E1 SERIES Anche le competizioni nautiche si elettrificano

di TOMMASO GARDELLA – (Video) l primo concept in scala uno a uno del RaceBird è stato presentato a settembre a Monaco

C’è un doppio comune denominatore tra la Formula E, Extreme E e, dal 2022, la E1 Series ovvero Alejandro Agag e Rodi Basso, l’imprenditore spagnolo e l’ex ingegnere di McLaren Motorsport ed ex ingegnere di Barichello (durante il periodo Ferrari) che nell’ultimo decennio si sono impegnati a trasformare le competizioni accelerando la loro transizione all’elettrificazione, hanno dato vita all’ultimo campionato della famiglia l’E1 Series, la prima competizione nautica al mondo spinta da motori elettrici col medesimo obiettivo che affianca il campionato dei suv elettrici: sensibilizzare i fan del motorsport sul tema dei cambiamenti climatici causati dall’inquinamento atmosferico.

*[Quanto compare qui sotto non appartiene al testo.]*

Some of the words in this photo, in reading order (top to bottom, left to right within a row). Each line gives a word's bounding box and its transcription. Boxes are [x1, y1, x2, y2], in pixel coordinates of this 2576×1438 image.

Il primo concept in scala uno a uno del RaceBird è stato presentato a settembre a Monaco, una delle tappe della competizione, allo Yacht Club del Principato dove il mondo ha potuto vedere per la prima volta l’imbarcazione con la quale le 12 squadre si sfideranno nelle zone che più sono, o secondo le previsioni, verranno toccate dall’innalzamento dei mari, lo scioglimento dei ghiaccia o dall’inquinamento della plastica piuttosto che dalla pesca a strascico. Insomma, da noi.

L’idea, come racconta lo stesso Agag, è nata sotto pandemia ed è divenuta realtà anche grazie all’investimento del PIF (il Public Investment Fund) il fondo sovrano saudita, lo stesso che ha appena acquistato il New Castle dopo il due di picche rimediato da Zhang.

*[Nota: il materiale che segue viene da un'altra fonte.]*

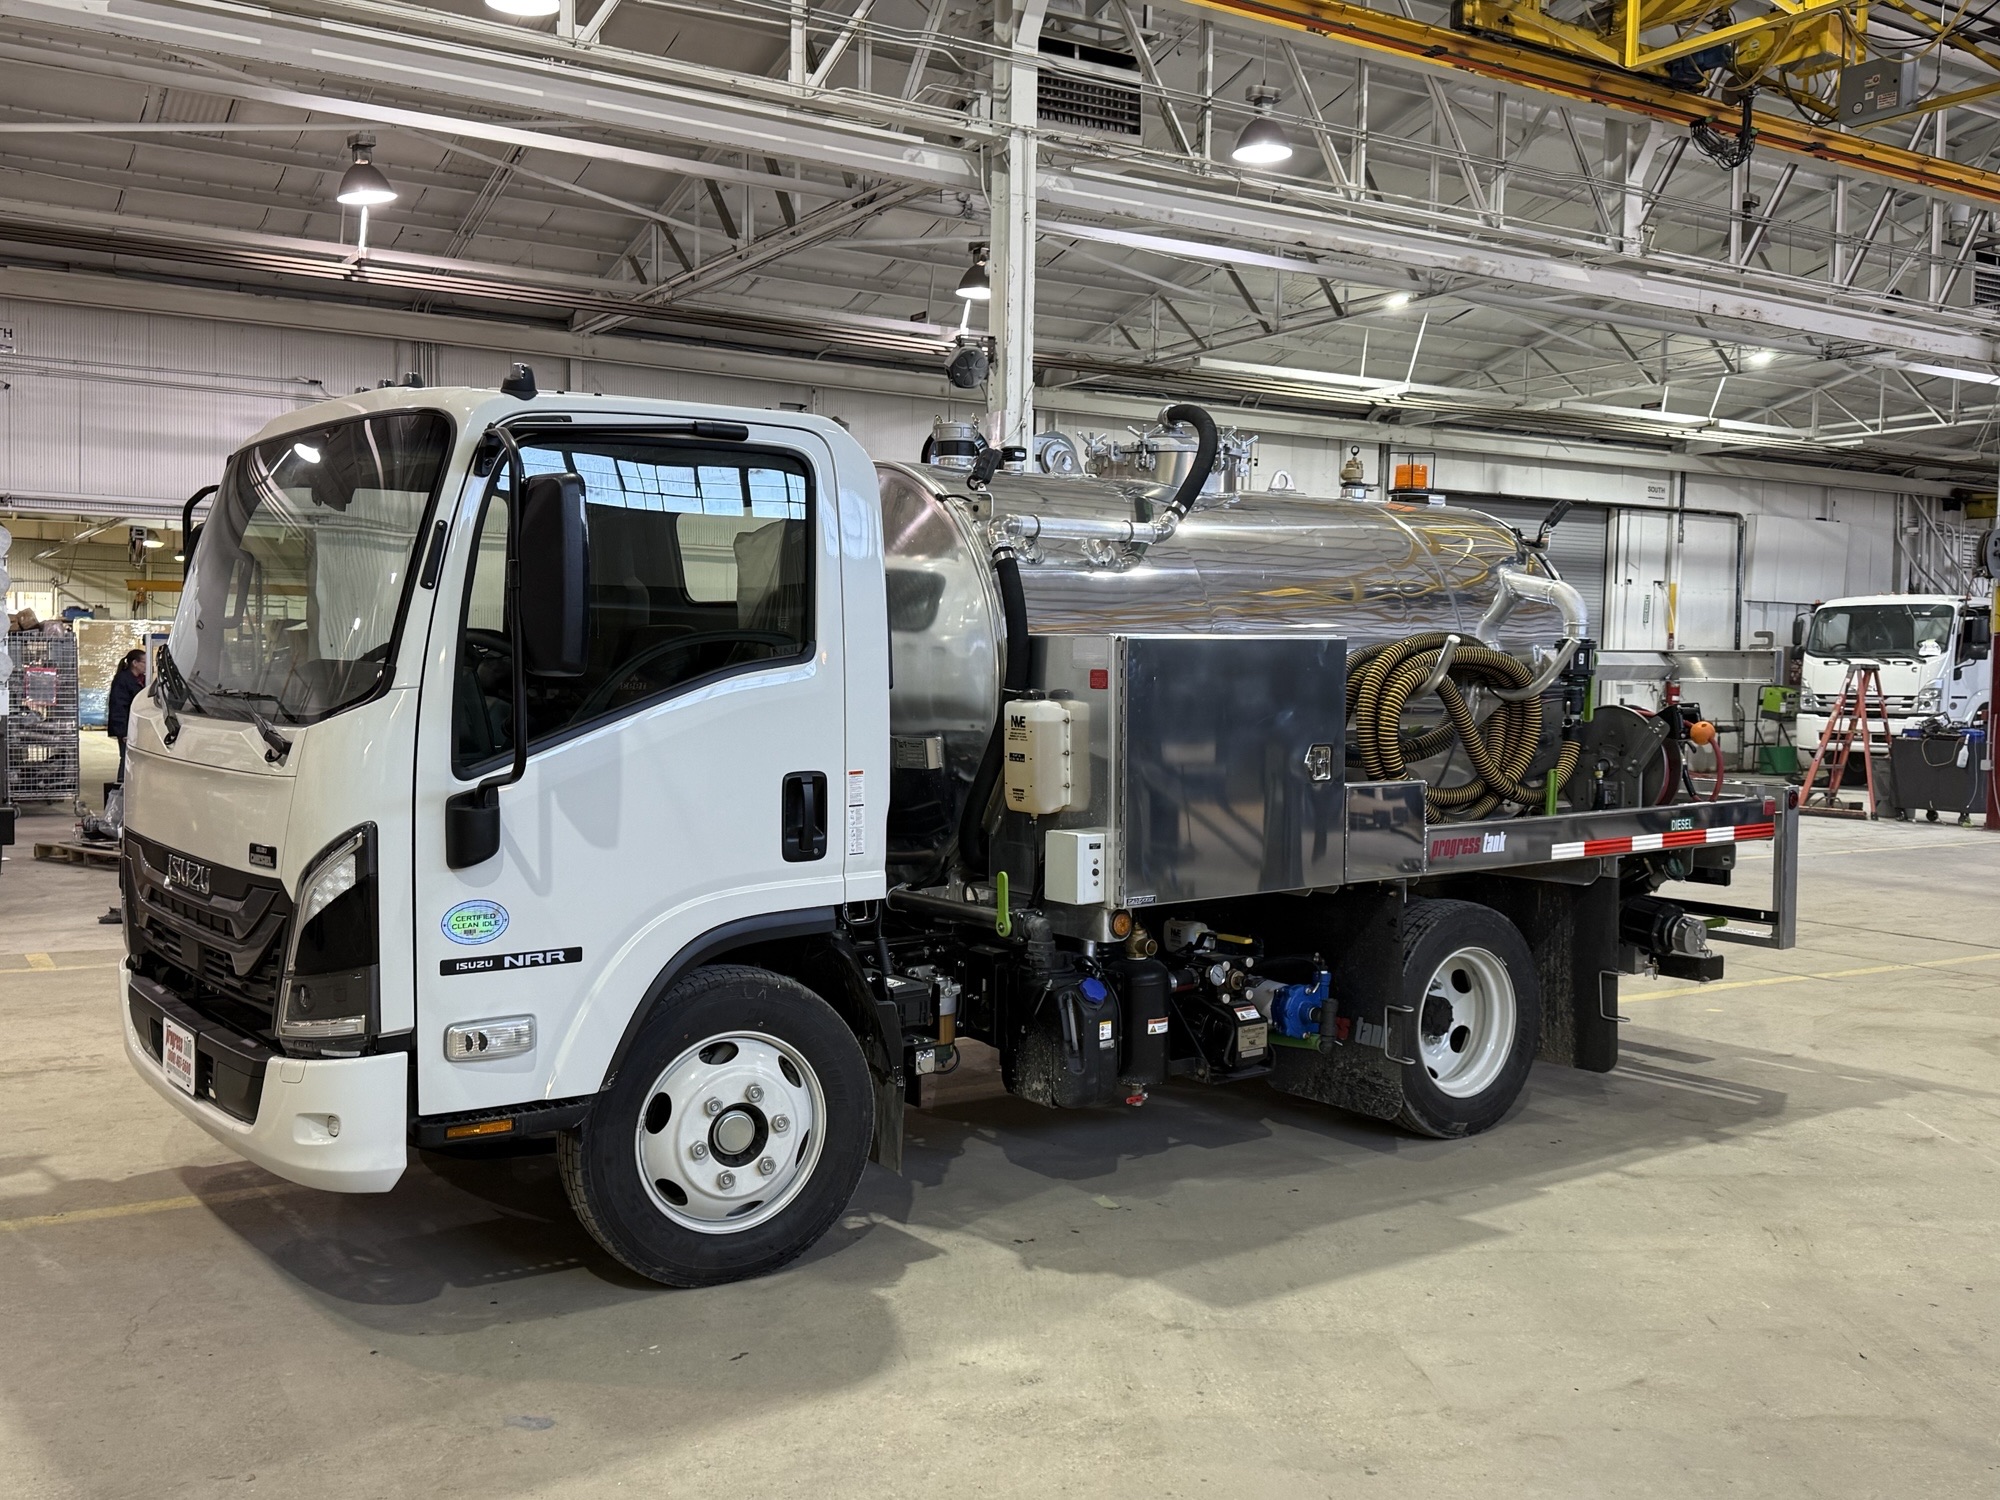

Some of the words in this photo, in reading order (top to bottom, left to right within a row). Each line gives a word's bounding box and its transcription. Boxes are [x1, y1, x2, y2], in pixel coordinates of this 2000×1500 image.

I RaceBird sembrano delle vere e proprie navicelle spaziali e sono stati disegnati da Sophi Horne, (fondatrice di SeaBird Technologies) ispiratasi alla natura e in particolare agli uccelli che volteggiano sulla superficie dell’acqua in attesa della preda, insieme a Brunello Acampora, CEO della Victory Marine.

Simrad Yachting si unisce ai grandi nomi che stanno dando vita al nuovo campionato, come partner ufficiale per i sistemi e l’elettronica di bordo, e insieme a loro anche C-MAP come cartografo ufficiale, dopo la partnership tra E1 Series e Navico.

Mercury Racing, invece, entra a far parte della famiglia come fornitore ufficiale dei propulsori elettrici, in grado di lanciare i sette metri e mezzo dei RaceBird e i loro ottocento chili fino a 50 nodi (circa 92 km/h), sostenuti dalla tecnologia dei foil tanto conosciuti dopo l’esperienza dell’ Americas Cup di quest’anno. Le batterie avranno una capacità di 30kw/h e saranno in grado di ricaricarsi in soli 30 minuti

Insieme a questi grandi nomi del mondo nautico e sportivo, troviamo anche il Principe Alberto II di Monaco, che ricoprirà la carica di Presidente onorario UIM (Union Internationale Motonatique) e Raffaele Chiulli, Presidente UIM.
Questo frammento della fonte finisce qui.